## SUPPLIED RECORDS:

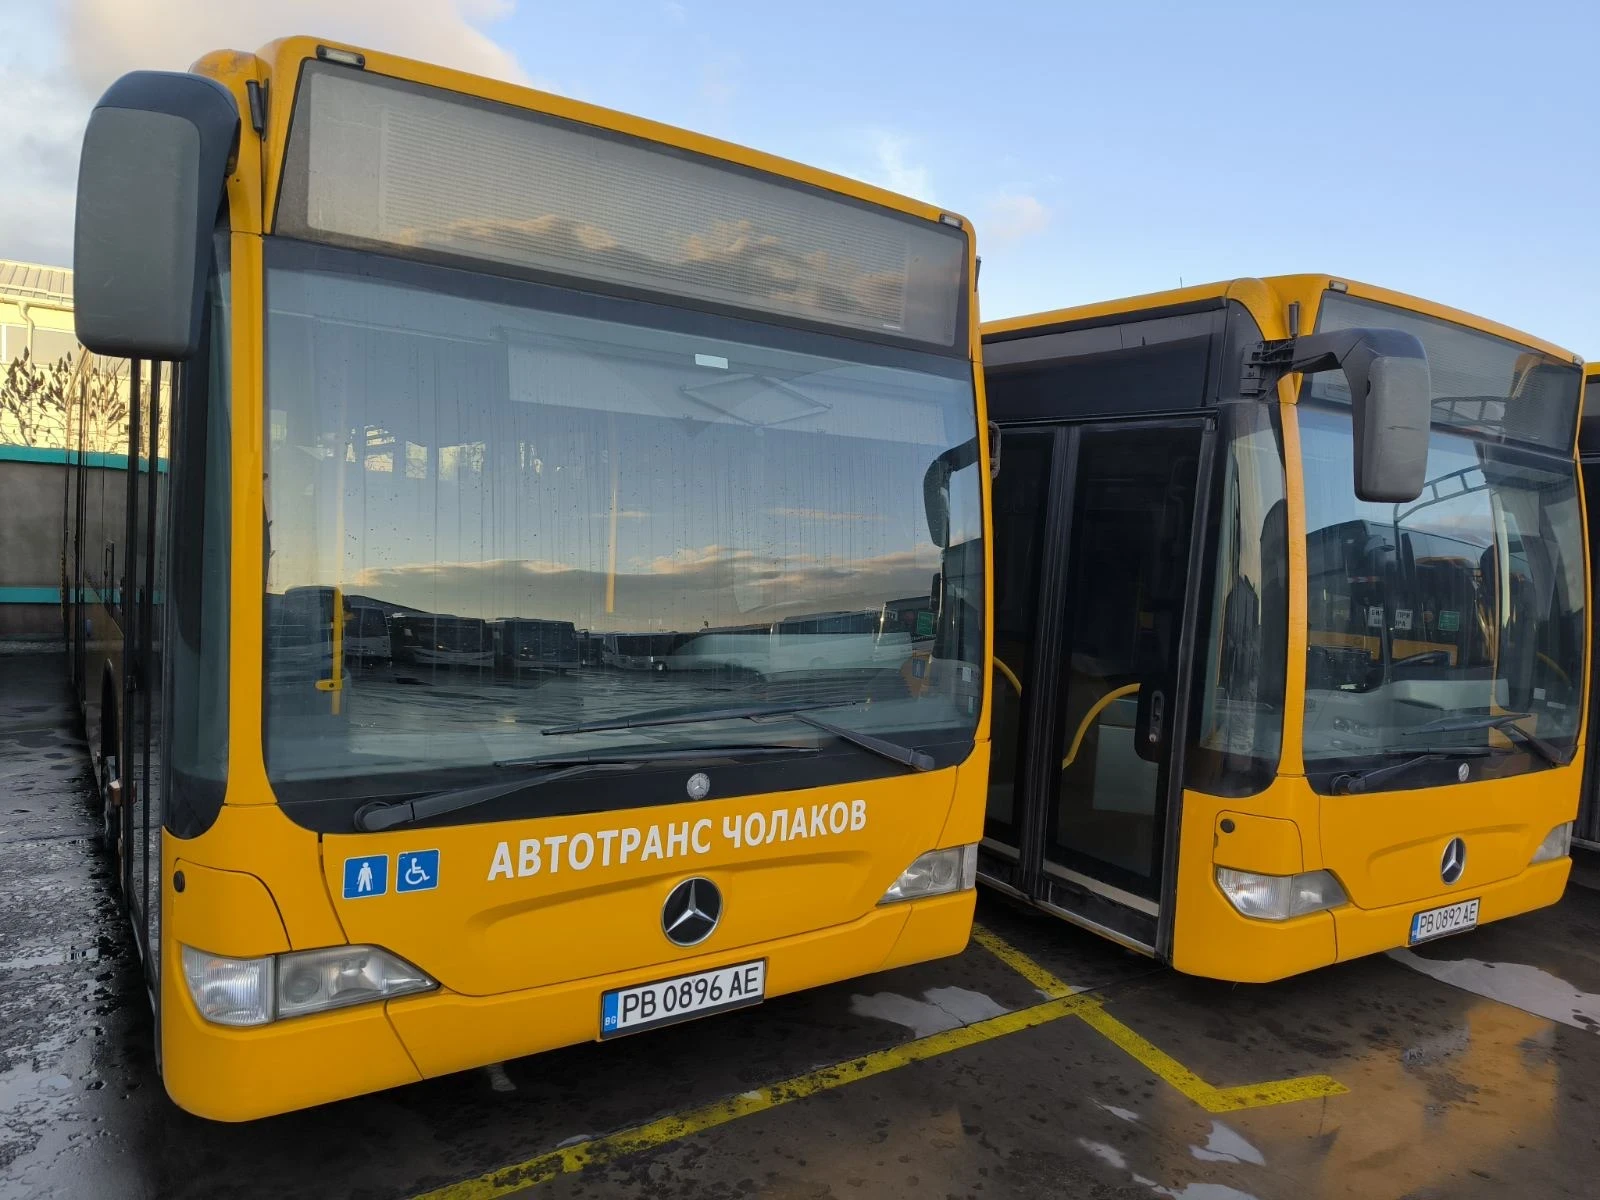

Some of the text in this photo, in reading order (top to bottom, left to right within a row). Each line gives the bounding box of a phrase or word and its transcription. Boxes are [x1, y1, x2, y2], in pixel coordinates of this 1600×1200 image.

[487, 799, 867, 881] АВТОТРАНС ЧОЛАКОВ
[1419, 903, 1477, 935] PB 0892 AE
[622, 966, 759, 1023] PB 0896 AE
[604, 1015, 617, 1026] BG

## WHAT IS BEING ASKED:
Go through the listing and restate each line word for word, leaving out the pictures.

## RESULT OF THIS EXERCISE:
Some of the text in this photo, in reading order (top to bottom, left to right within a row). Each line gives the bounding box of a phrase or word and its transcription. Boxes are [x1, y1, x2, y2], in pixel coordinates of this 1600×1200 image.

[487, 799, 867, 881] АВТОТРАНС ЧОЛАКОВ
[1419, 903, 1477, 935] PB 0892 AE
[622, 966, 759, 1023] PB 0896 AE
[604, 1015, 617, 1026] BG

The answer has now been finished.